Specifically, seven Greek art galleries, including the Parthenon sculpture exhibition at the Museum, were expected to reopen to the public in late July, after a seven-month closure due to lockdown and maintenance work, according to museum sources.
However, the opening was canceled, as heavy rains on July 25 caused floods in central London and led to an influx of water into one of the museum's Greek galleries, the same sources added.
A spokesman for the British Museum confirmed to The Art Newspaper that “there was some water entering one of the galleries” in July, adding that he could not identify the gallery. In addition, he could not clarify when the exhibitions would reopen to the public.

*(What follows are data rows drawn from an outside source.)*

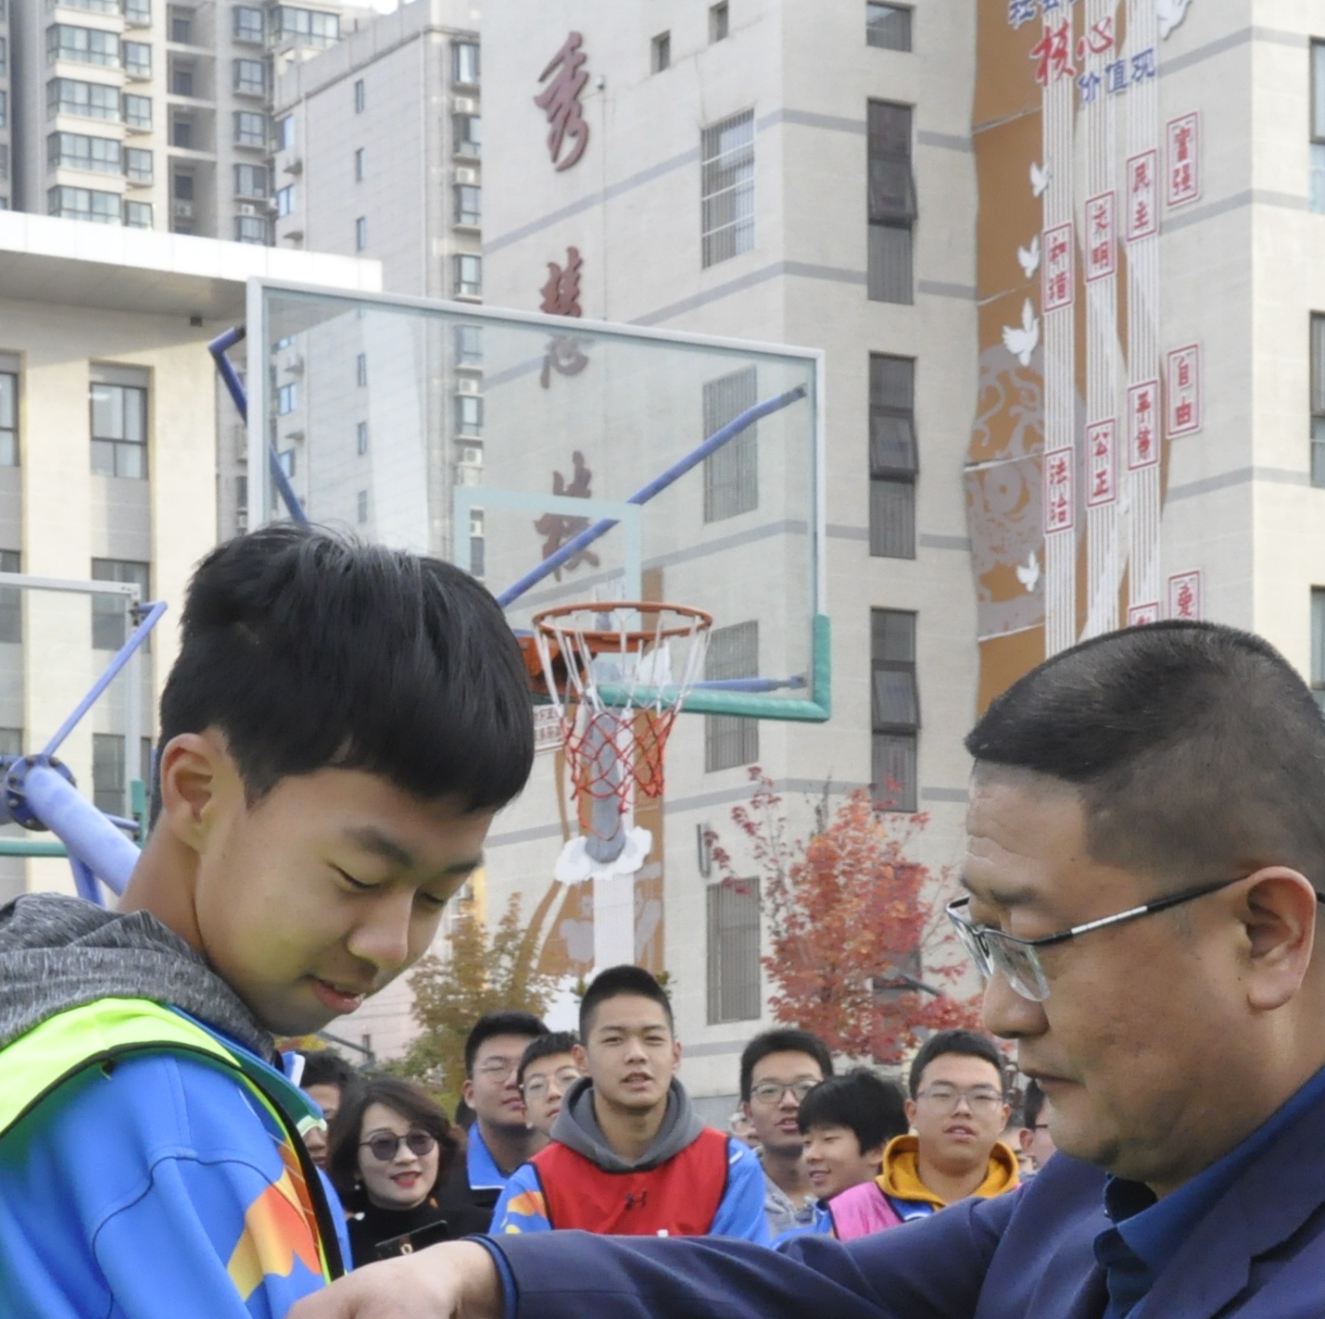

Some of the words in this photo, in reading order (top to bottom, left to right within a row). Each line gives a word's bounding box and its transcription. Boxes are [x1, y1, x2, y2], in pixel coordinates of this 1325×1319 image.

[1030, 17, 1114, 87] 核心
[1078, 48, 1156, 101] 价值观
[1172, 126, 1193, 196] 富强
[1133, 162, 1151, 230] 民主
[1049, 235, 1067, 300] 和谐
[1092, 203, 1110, 269] 文明
[1136, 391, 1152, 459] 平等
[1175, 357, 1192, 426] 自由
[1050, 459, 1068, 522] 法治
[1093, 431, 1110, 497] 公正
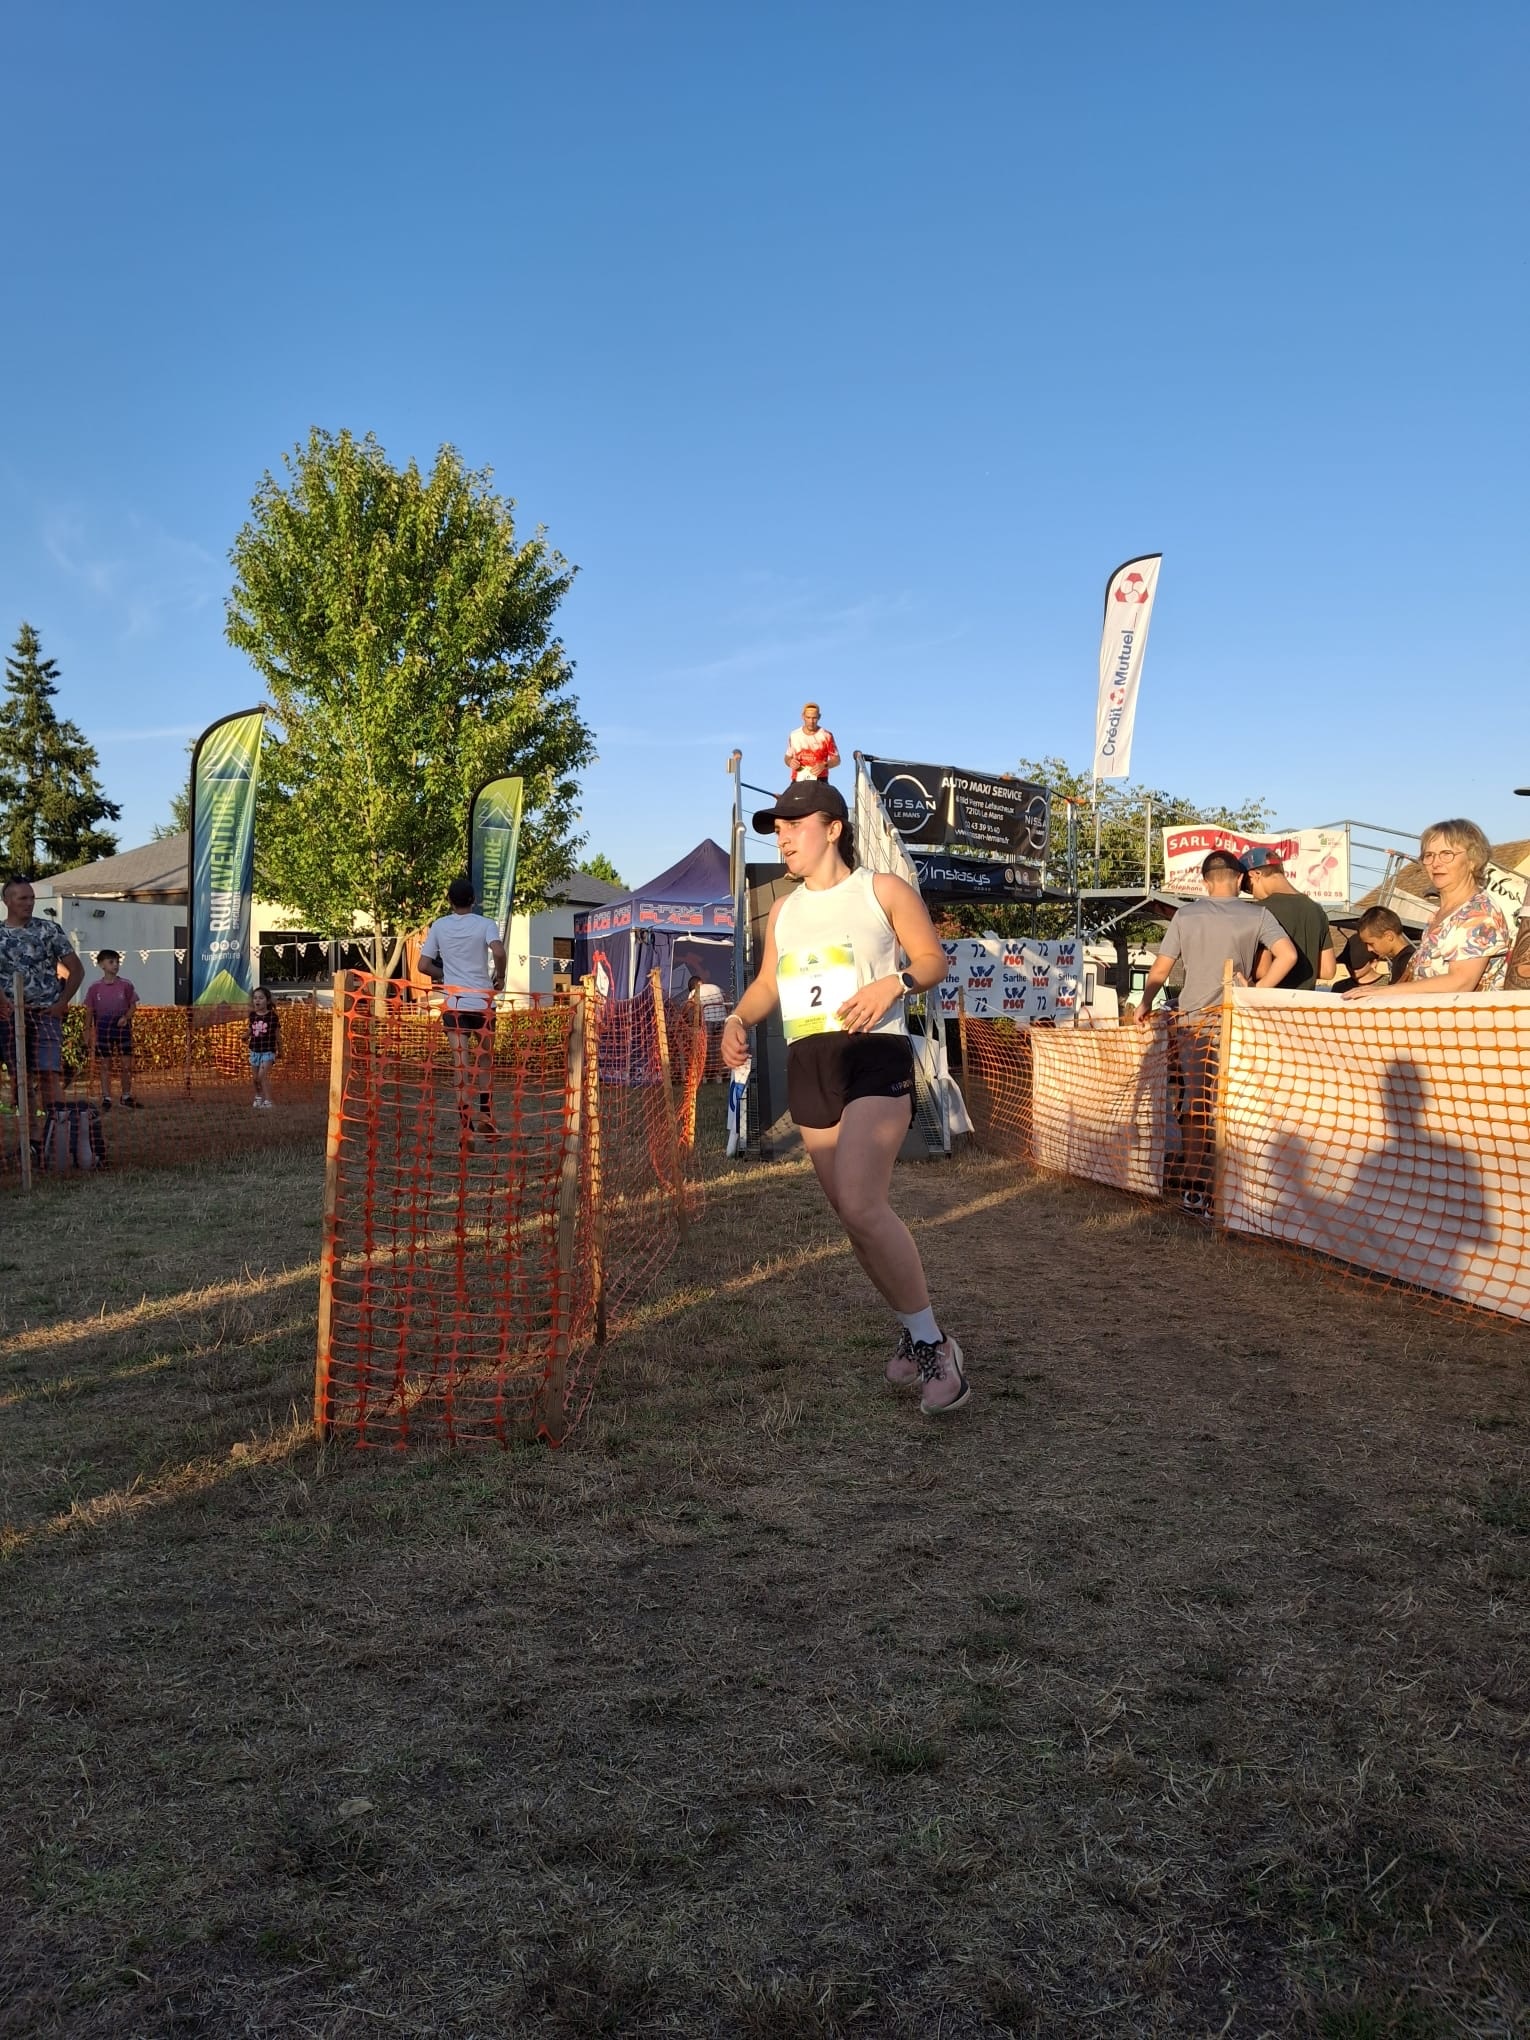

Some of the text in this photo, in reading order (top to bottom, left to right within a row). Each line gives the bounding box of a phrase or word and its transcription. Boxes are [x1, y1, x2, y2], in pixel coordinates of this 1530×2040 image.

[1102, 629, 1134, 756] Crédit Mutuel
[941, 776, 1023, 802] AUTO MAXI SERVICE
[902, 811, 921, 819] MANS
[971, 822, 978, 830] 43
[978, 823, 987, 831] 39
[1169, 835, 1210, 850] SARL
[930, 866, 991, 886] Instasys
[971, 943, 987, 958] 72
[1037, 942, 1049, 957] 72
[1003, 955, 1025, 966] FSGT
[945, 973, 960, 983] the
[967, 977, 994, 988] FSGT
[1002, 973, 1027, 983] Sarthe
[810, 985, 822, 1008] 2
[1037, 996, 1047, 1010] 72
[974, 997, 988, 1013] 72
[1003, 999, 1025, 1009] FSGT
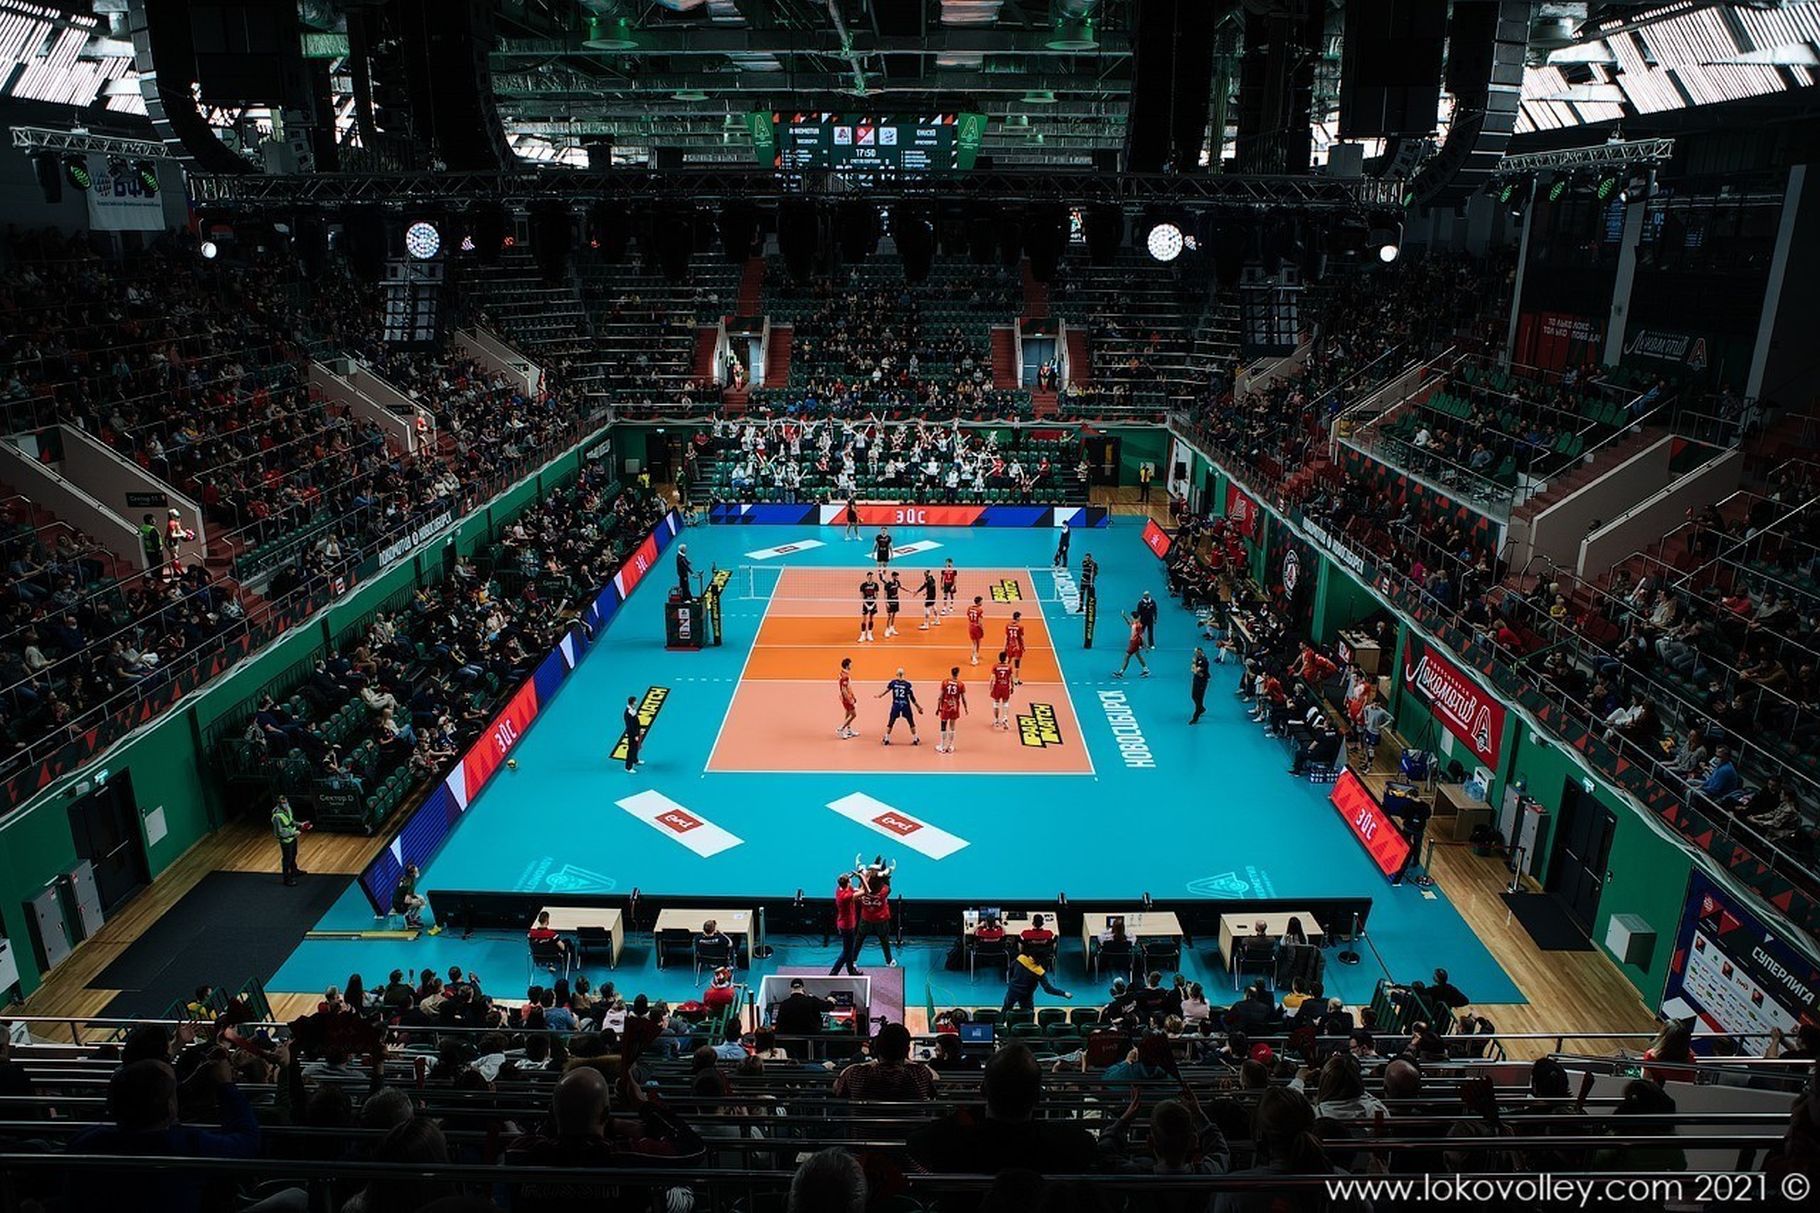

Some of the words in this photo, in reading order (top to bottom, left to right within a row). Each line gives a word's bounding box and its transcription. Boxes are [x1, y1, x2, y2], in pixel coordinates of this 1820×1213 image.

[855, 148, 877, 158] 17:50
[894, 689, 906, 698] 12
[946, 684, 958, 695] 13
[1096, 690, 1157, 768] НОВОСИБИРСК
[1751, 945, 1816, 1006] СУПЕРЛИГА

The poor condition of the places that host the Greek treasures has been pointed out many times in the past.
In 2018, Greek channels broadcast images of water dripping in the gallery housing the sculptures, which were removed from the Parthenon by Lord Elgin in the early 19th century.
In response, the museum said that “none of the sculptures have been damaged and the issue has been addressed.” But for Culture Minister Lina Mendoni, the images showed that the British Museum does not take care of the Parthenon sculptures. “The abandonment seen in the images reinforces Greece's legal request for the permanent return of the sculptures to Athens and their reunion with the Parthenon,” he said.
The Greek galleries last opened to the public in December 2020. On December 16, 2020, the museum closed due to a lockdown. It reopened five months later, on May 17, 2021, but the usual maintenance work in the Greek galleries continued, with the result that they remained closed.